** Opening Records provided block **
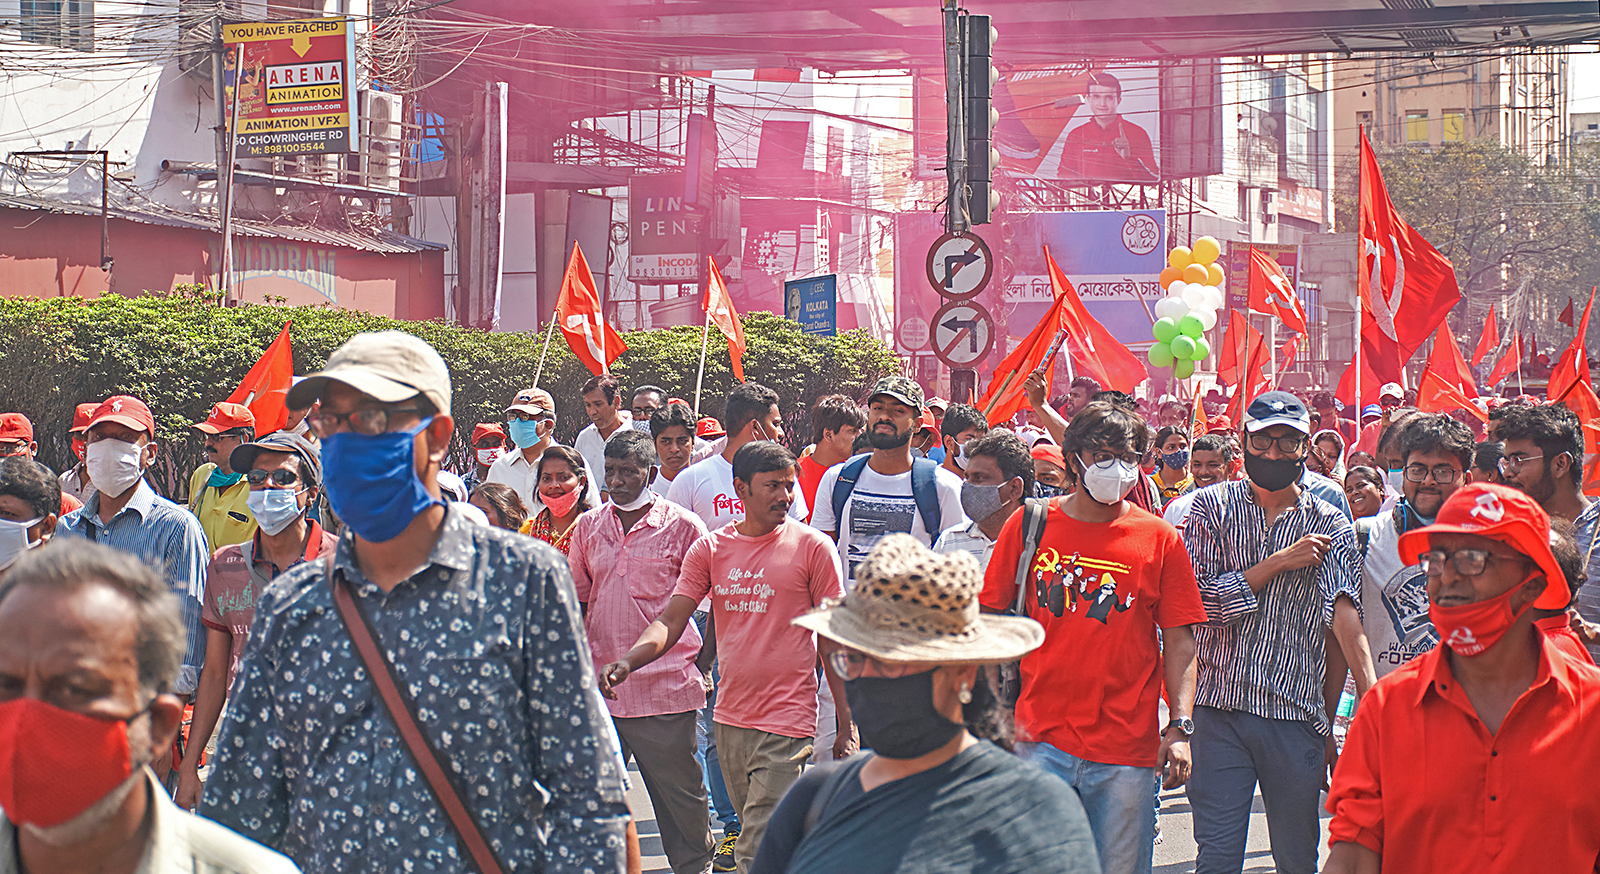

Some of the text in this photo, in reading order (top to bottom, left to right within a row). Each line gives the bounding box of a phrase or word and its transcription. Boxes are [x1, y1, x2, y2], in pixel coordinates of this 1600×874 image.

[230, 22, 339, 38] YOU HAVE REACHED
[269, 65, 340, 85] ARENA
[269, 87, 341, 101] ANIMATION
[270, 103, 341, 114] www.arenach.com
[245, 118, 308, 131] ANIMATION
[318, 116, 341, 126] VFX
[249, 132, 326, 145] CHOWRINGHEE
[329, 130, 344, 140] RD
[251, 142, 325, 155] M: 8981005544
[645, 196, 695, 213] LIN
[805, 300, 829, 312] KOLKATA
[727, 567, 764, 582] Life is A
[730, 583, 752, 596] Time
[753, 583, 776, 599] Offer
** Closing Records provided block **
**Work to be completed**
Pictures stay out, but every record above is to be returned exactly.

**Solution for this exercise**
Some of the text in this photo, in reading order (top to bottom, left to right within a row). Each line gives the bounding box of a phrase or word and its transcription. Boxes are [x1, y1, x2, y2], in pixel coordinates of this 1600×874 image.

[230, 22, 339, 38] YOU HAVE REACHED
[269, 65, 340, 85] ARENA
[269, 87, 341, 101] ANIMATION
[270, 103, 341, 114] www.arenach.com
[245, 118, 308, 131] ANIMATION
[318, 116, 341, 126] VFX
[249, 132, 326, 145] CHOWRINGHEE
[329, 130, 344, 140] RD
[251, 142, 325, 155] M: 8981005544
[645, 196, 695, 213] LIN
[805, 300, 829, 312] KOLKATA
[727, 567, 764, 582] Life is A
[730, 583, 752, 596] Time
[753, 583, 776, 599] Offer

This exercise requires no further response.